***** INFORMATION PROVIDED
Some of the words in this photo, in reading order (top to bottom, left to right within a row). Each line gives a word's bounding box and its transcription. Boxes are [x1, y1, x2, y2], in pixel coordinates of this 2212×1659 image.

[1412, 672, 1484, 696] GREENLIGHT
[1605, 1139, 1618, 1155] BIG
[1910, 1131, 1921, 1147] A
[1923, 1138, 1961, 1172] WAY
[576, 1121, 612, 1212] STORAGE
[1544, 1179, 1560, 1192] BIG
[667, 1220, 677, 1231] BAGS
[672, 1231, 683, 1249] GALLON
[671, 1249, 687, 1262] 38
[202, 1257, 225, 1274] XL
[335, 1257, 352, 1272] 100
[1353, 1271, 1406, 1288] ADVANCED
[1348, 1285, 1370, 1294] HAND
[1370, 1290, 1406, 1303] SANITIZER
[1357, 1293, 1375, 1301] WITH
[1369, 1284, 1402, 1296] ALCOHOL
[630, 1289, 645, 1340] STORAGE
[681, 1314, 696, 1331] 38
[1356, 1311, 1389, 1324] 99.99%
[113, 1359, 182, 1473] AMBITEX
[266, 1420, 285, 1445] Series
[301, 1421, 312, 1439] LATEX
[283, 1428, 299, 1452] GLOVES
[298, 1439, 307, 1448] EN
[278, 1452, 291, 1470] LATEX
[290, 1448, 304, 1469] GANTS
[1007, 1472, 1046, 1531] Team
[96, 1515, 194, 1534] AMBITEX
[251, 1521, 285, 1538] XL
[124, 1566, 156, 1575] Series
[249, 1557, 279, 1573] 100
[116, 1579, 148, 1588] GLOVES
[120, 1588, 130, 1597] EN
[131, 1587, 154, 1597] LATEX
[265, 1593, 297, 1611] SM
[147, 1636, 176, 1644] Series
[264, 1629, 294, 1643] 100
**********
*TASK GOAL*. The entries are to be repeated exactly, with nothing altered.

*OUTPUT OF THE TASK*.
Some of the words in this photo, in reading order (top to bottom, left to right within a row). Each line gives a word's bounding box and its transcription. Boxes are [x1, y1, x2, y2], in pixel coordinates of this 2212×1659 image.

[1412, 672, 1484, 696] GREENLIGHT
[1605, 1139, 1618, 1155] BIG
[1910, 1131, 1921, 1147] A
[1923, 1138, 1961, 1172] WAY
[576, 1121, 612, 1212] STORAGE
[1544, 1179, 1560, 1192] BIG
[667, 1220, 677, 1231] BAGS
[672, 1231, 683, 1249] GALLON
[671, 1249, 687, 1262] 38
[202, 1257, 225, 1274] XL
[335, 1257, 352, 1272] 100
[1353, 1271, 1406, 1288] ADVANCED
[1348, 1285, 1370, 1294] HAND
[1370, 1290, 1406, 1303] SANITIZER
[1357, 1293, 1375, 1301] WITH
[1369, 1284, 1402, 1296] ALCOHOL
[630, 1289, 645, 1340] STORAGE
[681, 1314, 696, 1331] 38
[1356, 1311, 1389, 1324] 99.99%
[113, 1359, 182, 1473] AMBITEX
[266, 1420, 285, 1445] Series
[301, 1421, 312, 1439] LATEX
[283, 1428, 299, 1452] GLOVES
[298, 1439, 307, 1448] EN
[278, 1452, 291, 1470] LATEX
[290, 1448, 304, 1469] GANTS
[1007, 1472, 1046, 1531] Team
[96, 1515, 194, 1534] AMBITEX
[251, 1521, 285, 1538] XL
[124, 1566, 156, 1575] Series
[249, 1557, 279, 1573] 100
[116, 1579, 148, 1588] GLOVES
[120, 1588, 130, 1597] EN
[131, 1587, 154, 1597] LATEX
[265, 1593, 297, 1611] SM
[147, 1636, 176, 1644] Series
[264, 1629, 294, 1643] 100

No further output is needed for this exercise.